Но на самом деле Грин — это писатель глубочайшего психологического проникновения. Он писатель тех пограничных состояний, которые между сном и явью существуют, когда человек не знает вполне, во власти ли он собственной воли или им повелевает уже вот это несбывшееся, зов несбывшегося. Невероятная яркость красок Грина, контрастность, как в очень яркий солнечный день, контраст света и тени, зелени и желтизны, моря и берега — это всё делает его рассказы совершенно волшебными. Собственно говоря, ведь писатель не тот, кто учит нас добру (добру научить невозможно). Писатель — это тот, кто готовит нам эстетическое потрясение.

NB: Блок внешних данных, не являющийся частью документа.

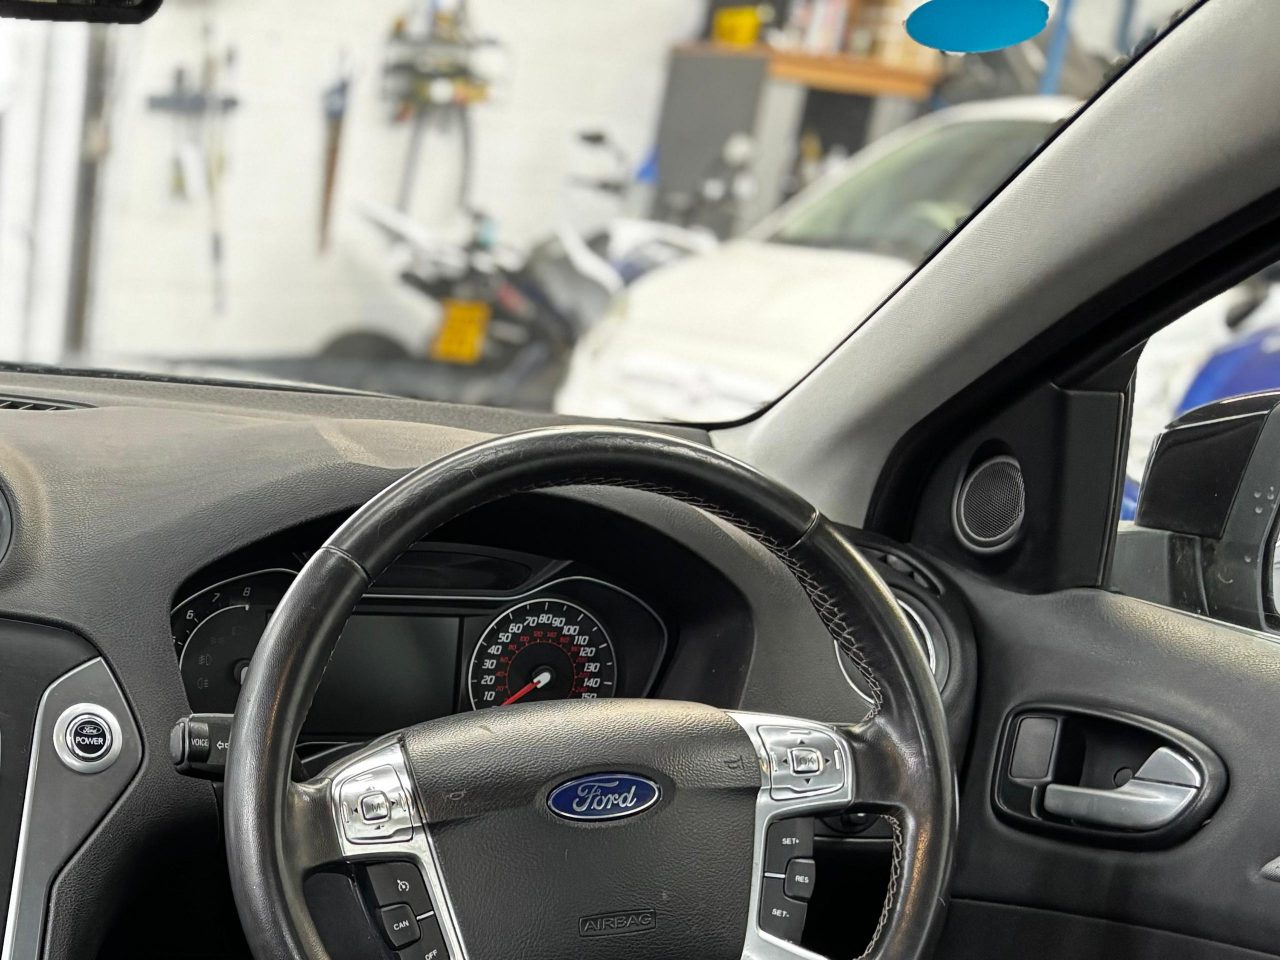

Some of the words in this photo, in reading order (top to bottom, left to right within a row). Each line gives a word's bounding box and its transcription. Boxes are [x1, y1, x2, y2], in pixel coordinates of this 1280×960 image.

[243, 587, 251, 597] 8
[212, 593, 220, 602] 7
[186, 610, 194, 620] 6
[538, 613, 552, 624] 80
[523, 616, 538, 627] 70
[552, 617, 566, 627] 90
[508, 623, 523, 633] 60
[562, 625, 579, 635] 100
[498, 633, 512, 643] 50
[573, 635, 589, 646] 110
[488, 645, 502, 655] 40
[579, 647, 596, 657] 120
[482, 659, 496, 669] 30
[583, 663, 601, 672] 130
[481, 675, 495, 685] 20
[583, 678, 601, 688] 140
[484, 691, 495, 700] 10
[75, 736, 104, 745] POWER
[191, 738, 209, 747] VOICE
[572, 780, 637, 812] Ford
[795, 875, 809, 883] RES
[393, 920, 409, 930] CAN
[584, 913, 652, 932] AIRBAG
[425, 949, 437, 960] OFF
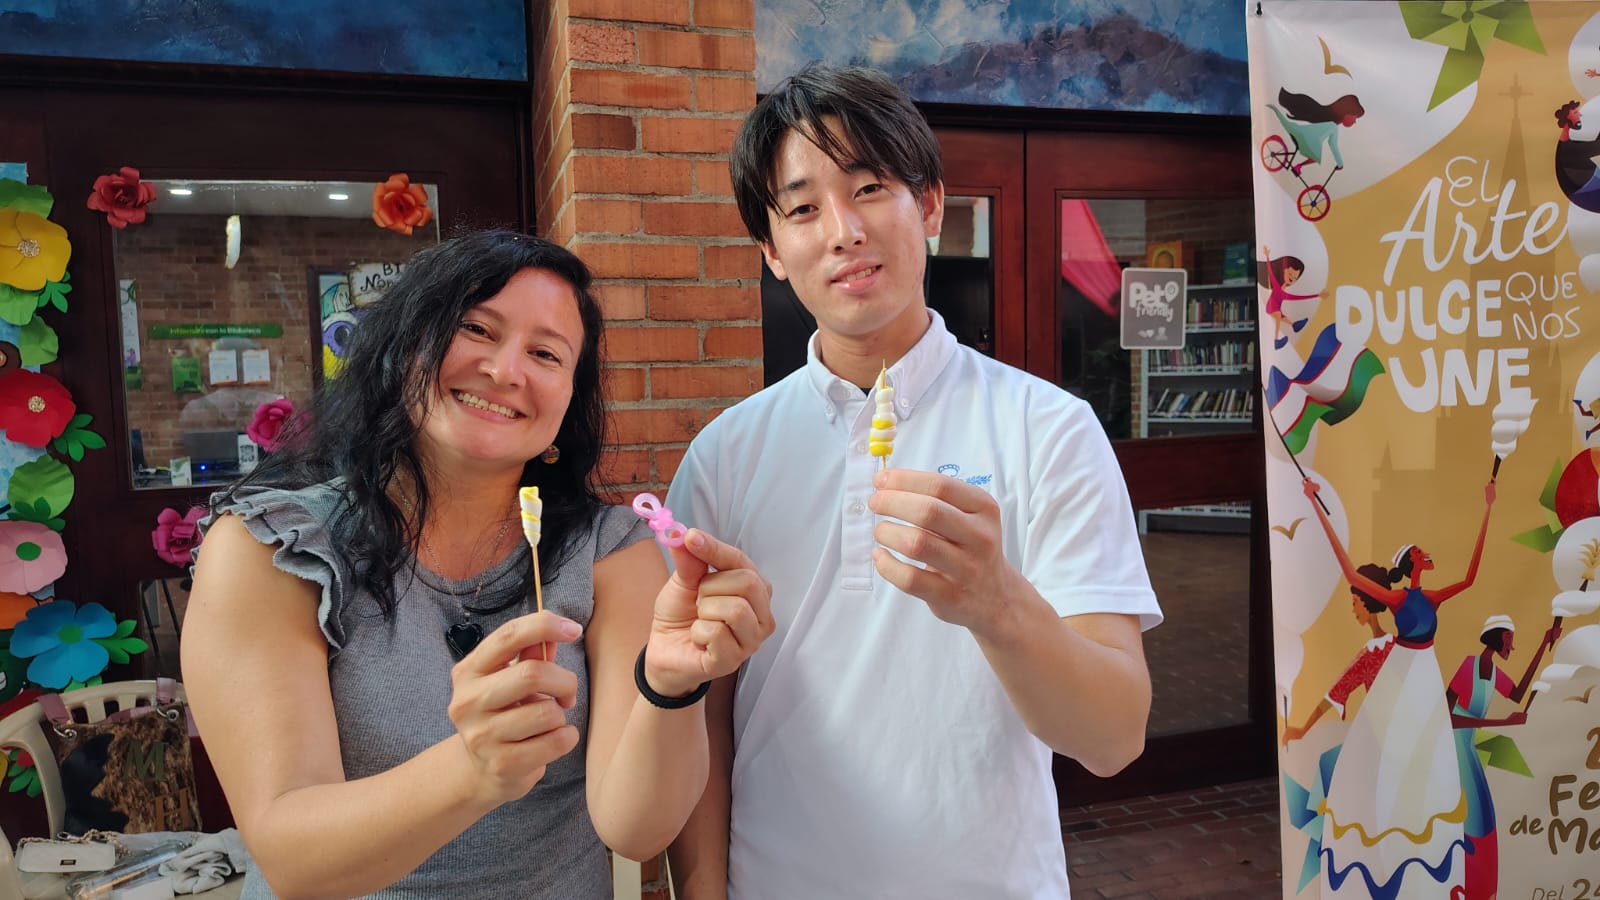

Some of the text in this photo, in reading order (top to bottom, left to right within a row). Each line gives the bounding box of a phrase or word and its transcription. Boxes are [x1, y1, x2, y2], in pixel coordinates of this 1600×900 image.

[1379, 176, 1569, 287] Arte
[1129, 281, 1165, 308] Pet
[1505, 272, 1577, 305] QUE
[1136, 300, 1173, 322] friendly
[1335, 279, 1502, 345] DULCE
[1512, 306, 1581, 341] NOS
[1388, 347, 1533, 413] UNE
[1509, 814, 1544, 836] de

И надо сказать, что некоторые рассказы Грина, такие как, например, «Синий каскад Теллури», — они именно своей волшебной яркостью преобразуют нашу душу. Ведь Грин вообще замечательно описывает всегда жару и жажду, вот эту сушь во рту. Синий каскад Теллури — это синий, прохладный, кисловатый источник целебной воды густо-синего цвета, который бьёт из жёлтого песка в яркой, мёртвой, сухой пустыне. Одно сочетание слов, звуков — «Синий каскад Теллури» — действует утоляюще, как глоток вот этой синей кисловатой воды в жаркий день.
Грин — вообще мастер рассказов, где название не напрямую соотносится с содержанием. Например, рассказ «На облачном берегу». Вслушайтесь только, какие это волшебные слова — «на облачном берегу». Сразу видишь то, что у Матвеевой названо «старый берег, туманом заваленный». Это то, за что я так люблю, скажем, роман Абрамса и Хорста «S». Это то, за что я так люблю матвеевскую поэзию. Это то, за что я вообще люблю литературу, дающую ощущение чуда.
Грин весь построен на вере в возможность и повседневность этого чуда. Яркие его чужие города — его Сан-Риоль, Лисс и, разумеется, загадочный Зурбаган, в котором вроде как узнают Севастополь, — это всё делает его летнее чтение не просто совершенно незабываемым, не просто детским, не просто возвращает нас в детство, а это напоминает нам о возможности заново открыть мир.
Я думаю, что для освоения Россией Крыма — крымского пейзажа, крымского запаха — два человека сделали больше всех, два соседа, феодосийца: Волошин и Грин. Потому что гриновская Феодосия, гриновское побережье, которое действительно со своей кроткой нищетой, со своей скудостью, со своим трудовым, честным и не жалующимся характером, — вот это побережье сделалось не просто невероятно поэтичным и невероятно притягательным, а оно полно тайны. Грин — вообще писатель тайны, она распахивается всегда. В этом смысле увлекательность его прозы не имеет себе равных.
Грин дважды на моей памяти (может быть, есть и другие примеры в его текстах) решает сложнейшую формальную задачу: всякое описание Грина динамично, оно строится, как нарратив, как повествование. Вот два таких описания я знаю: пустой банк в «Крысолове» и сад в «Недотроге». Из «Недотроги», к сожалению, до нас дошла треть. Он не дописал роман, но в его доме-музее в Феодосии собрали все рукописи и издали, попытались реконструировать. Это должен был быть очень мрачный роман, самый мрачный его роман по замыслу. Вообще, если вы заметили, то у Грина хэппи-энды практически исчезают: в «Дороге никуда» уже нет этого хэппи-энда, совсем его нет в «Бегущей по волнам», и уж вовсе нет даже намёка на него в «Недотроге» (как она нам известна).